The records:

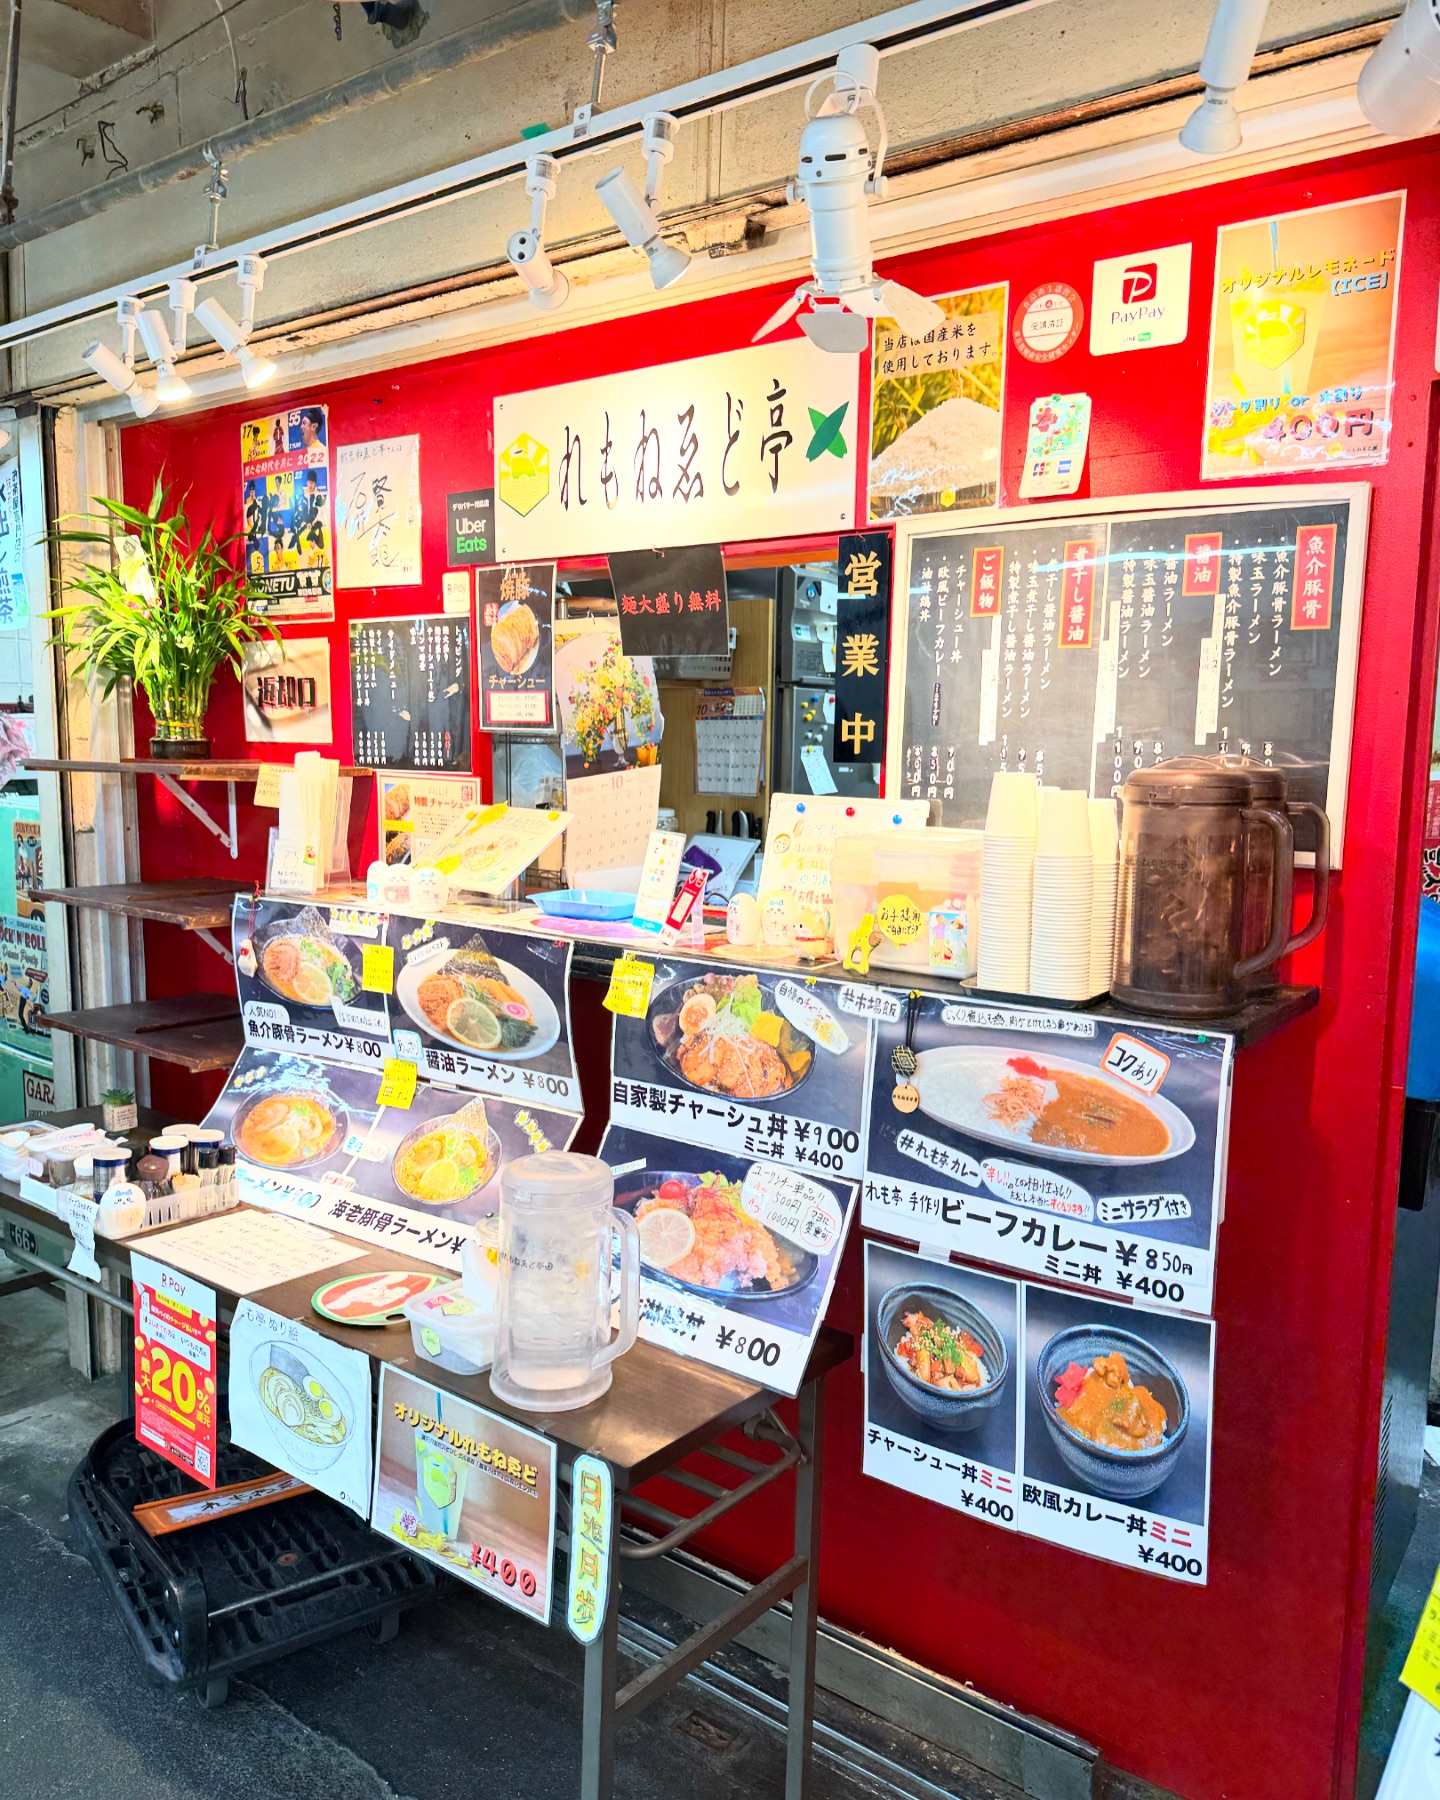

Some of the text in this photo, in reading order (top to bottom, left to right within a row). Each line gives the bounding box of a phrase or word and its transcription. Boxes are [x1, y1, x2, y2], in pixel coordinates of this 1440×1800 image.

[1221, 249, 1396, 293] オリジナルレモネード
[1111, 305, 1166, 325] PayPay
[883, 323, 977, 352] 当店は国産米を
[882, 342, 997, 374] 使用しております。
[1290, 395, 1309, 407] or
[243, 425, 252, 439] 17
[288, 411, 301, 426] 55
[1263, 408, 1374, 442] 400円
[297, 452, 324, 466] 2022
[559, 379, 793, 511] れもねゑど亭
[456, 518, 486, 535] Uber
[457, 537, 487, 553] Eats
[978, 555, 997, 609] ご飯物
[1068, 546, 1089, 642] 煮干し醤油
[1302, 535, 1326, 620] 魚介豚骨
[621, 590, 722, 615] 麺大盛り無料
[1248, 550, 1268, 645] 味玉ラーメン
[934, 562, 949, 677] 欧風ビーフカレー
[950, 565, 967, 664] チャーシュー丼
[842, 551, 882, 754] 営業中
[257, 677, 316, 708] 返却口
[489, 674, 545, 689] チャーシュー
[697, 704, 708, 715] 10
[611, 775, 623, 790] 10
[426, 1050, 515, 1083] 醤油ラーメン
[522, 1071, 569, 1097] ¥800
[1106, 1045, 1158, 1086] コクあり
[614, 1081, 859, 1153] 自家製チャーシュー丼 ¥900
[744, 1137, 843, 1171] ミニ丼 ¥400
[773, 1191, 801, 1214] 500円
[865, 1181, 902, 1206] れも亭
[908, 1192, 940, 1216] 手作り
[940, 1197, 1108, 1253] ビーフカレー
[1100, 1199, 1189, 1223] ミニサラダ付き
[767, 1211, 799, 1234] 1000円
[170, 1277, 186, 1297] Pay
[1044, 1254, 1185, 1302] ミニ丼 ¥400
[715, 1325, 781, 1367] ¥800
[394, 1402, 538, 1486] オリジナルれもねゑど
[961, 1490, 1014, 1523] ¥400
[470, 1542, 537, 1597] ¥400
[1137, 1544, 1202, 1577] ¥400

Instructions to follow:
Without the pictures, reproduce every record exactly as it appears above.

The answer:
Some of the text in this photo, in reading order (top to bottom, left to right within a row). Each line gives the bounding box of a phrase or word and its transcription. Boxes are [x1, y1, x2, y2], in pixel coordinates of this 1440×1800 image.

[1221, 249, 1396, 293] オリジナルレモネード
[1111, 305, 1166, 325] PayPay
[883, 323, 977, 352] 当店は国産米を
[882, 342, 997, 374] 使用しております。
[1290, 395, 1309, 407] or
[243, 425, 252, 439] 17
[288, 411, 301, 426] 55
[1263, 408, 1374, 442] 400円
[297, 452, 324, 466] 2022
[559, 379, 793, 511] れもねゑど亭
[456, 518, 486, 535] Uber
[457, 537, 487, 553] Eats
[978, 555, 997, 609] ご飯物
[1068, 546, 1089, 642] 煮干し醤油
[1302, 535, 1326, 620] 魚介豚骨
[621, 590, 722, 615] 麺大盛り無料
[1248, 550, 1268, 645] 味玉ラーメン
[934, 562, 949, 677] 欧風ビーフカレー
[950, 565, 967, 664] チャーシュー丼
[842, 551, 882, 754] 営業中
[257, 677, 316, 708] 返却口
[489, 674, 545, 689] チャーシュー
[697, 704, 708, 715] 10
[611, 775, 623, 790] 10
[426, 1050, 515, 1083] 醤油ラーメン
[522, 1071, 569, 1097] ¥800
[1106, 1045, 1158, 1086] コクあり
[614, 1081, 859, 1153] 自家製チャーシュー丼 ¥900
[744, 1137, 843, 1171] ミニ丼 ¥400
[773, 1191, 801, 1214] 500円
[865, 1181, 902, 1206] れも亭
[908, 1192, 940, 1216] 手作り
[940, 1197, 1108, 1253] ビーフカレー
[1100, 1199, 1189, 1223] ミニサラダ付き
[767, 1211, 799, 1234] 1000円
[170, 1277, 186, 1297] Pay
[1044, 1254, 1185, 1302] ミニ丼 ¥400
[715, 1325, 781, 1367] ¥800
[394, 1402, 538, 1486] オリジナルれもねゑど
[961, 1490, 1014, 1523] ¥400
[470, 1542, 537, 1597] ¥400
[1137, 1544, 1202, 1577] ¥400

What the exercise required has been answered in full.